[Collected data]
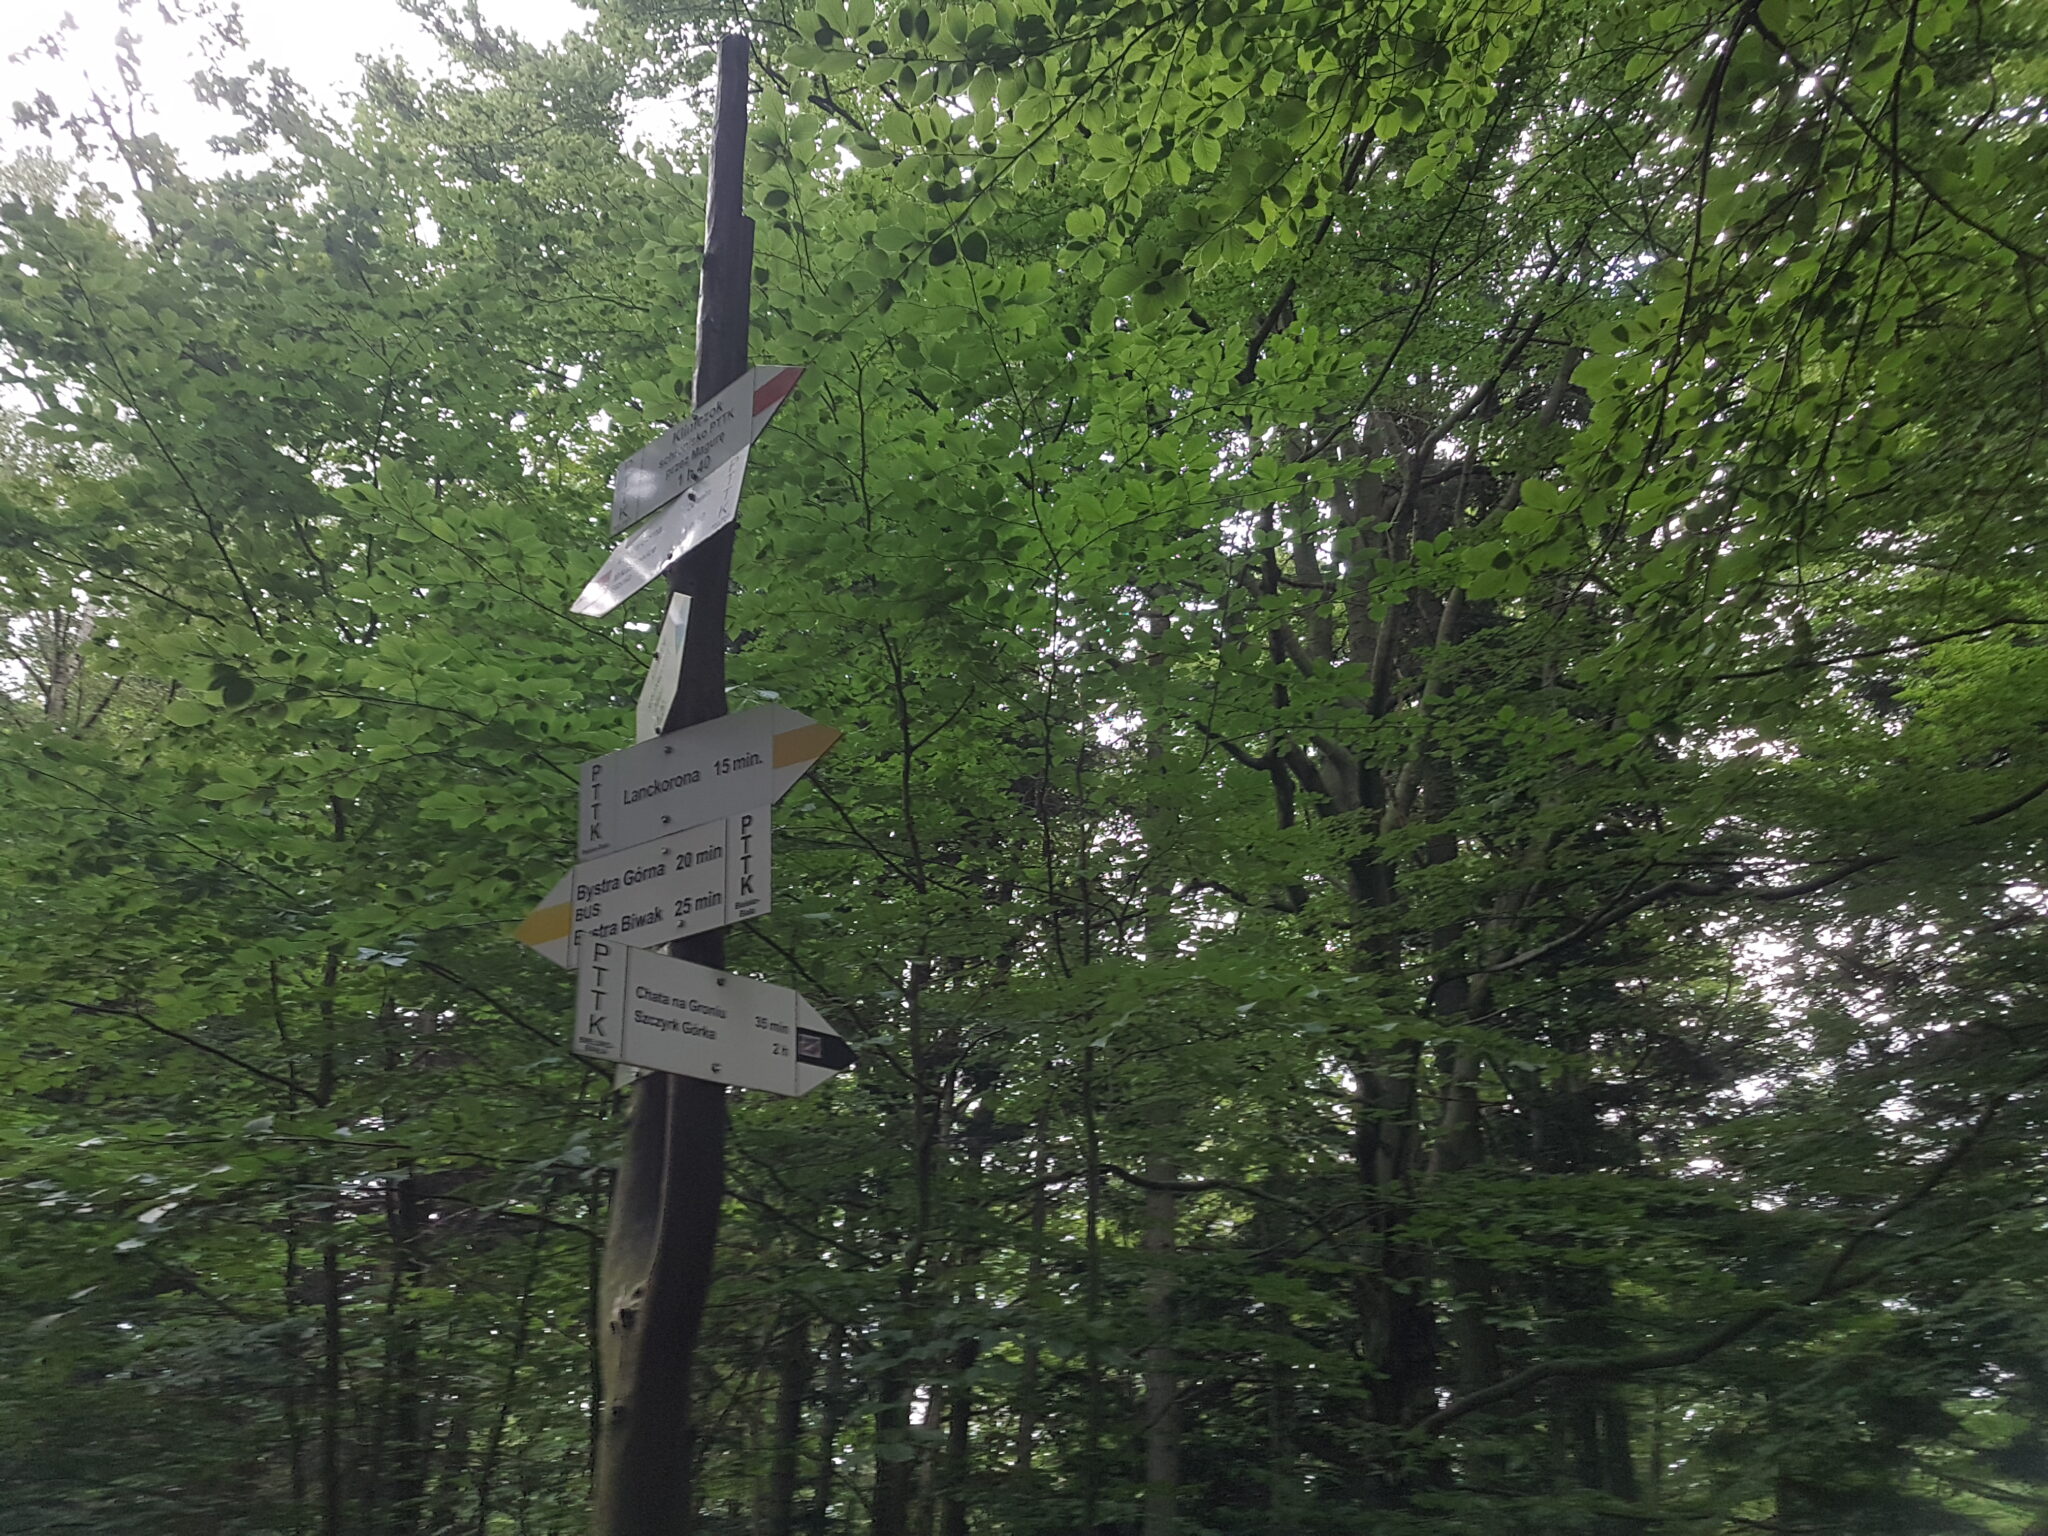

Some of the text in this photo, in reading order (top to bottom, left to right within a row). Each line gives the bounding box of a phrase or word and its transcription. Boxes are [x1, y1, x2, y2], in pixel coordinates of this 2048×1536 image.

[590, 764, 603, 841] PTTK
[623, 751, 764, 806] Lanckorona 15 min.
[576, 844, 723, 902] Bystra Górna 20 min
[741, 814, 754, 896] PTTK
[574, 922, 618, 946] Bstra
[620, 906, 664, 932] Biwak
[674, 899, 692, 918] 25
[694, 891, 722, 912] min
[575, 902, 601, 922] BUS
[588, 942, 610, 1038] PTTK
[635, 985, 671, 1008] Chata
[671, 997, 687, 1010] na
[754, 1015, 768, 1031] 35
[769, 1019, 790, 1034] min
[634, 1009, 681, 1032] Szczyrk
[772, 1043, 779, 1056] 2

### Task to carry out:
Leaving out only the pictures, retype every record exactly.

### Exercise response:
Some of the text in this photo, in reading order (top to bottom, left to right within a row). Each line gives the bounding box of a phrase or word and its transcription. Boxes are [x1, y1, x2, y2], in pixel coordinates of this 2048×1536 image.

[590, 764, 603, 841] PTTK
[623, 751, 764, 806] Lanckorona 15 min.
[576, 844, 723, 902] Bystra Górna 20 min
[741, 814, 754, 896] PTTK
[574, 922, 618, 946] Bstra
[620, 906, 664, 932] Biwak
[674, 899, 692, 918] 25
[694, 891, 722, 912] min
[575, 902, 601, 922] BUS
[588, 942, 610, 1038] PTTK
[635, 985, 671, 1008] Chata
[671, 997, 687, 1010] na
[754, 1015, 768, 1031] 35
[769, 1019, 790, 1034] min
[634, 1009, 681, 1032] Szczyrk
[772, 1043, 779, 1056] 2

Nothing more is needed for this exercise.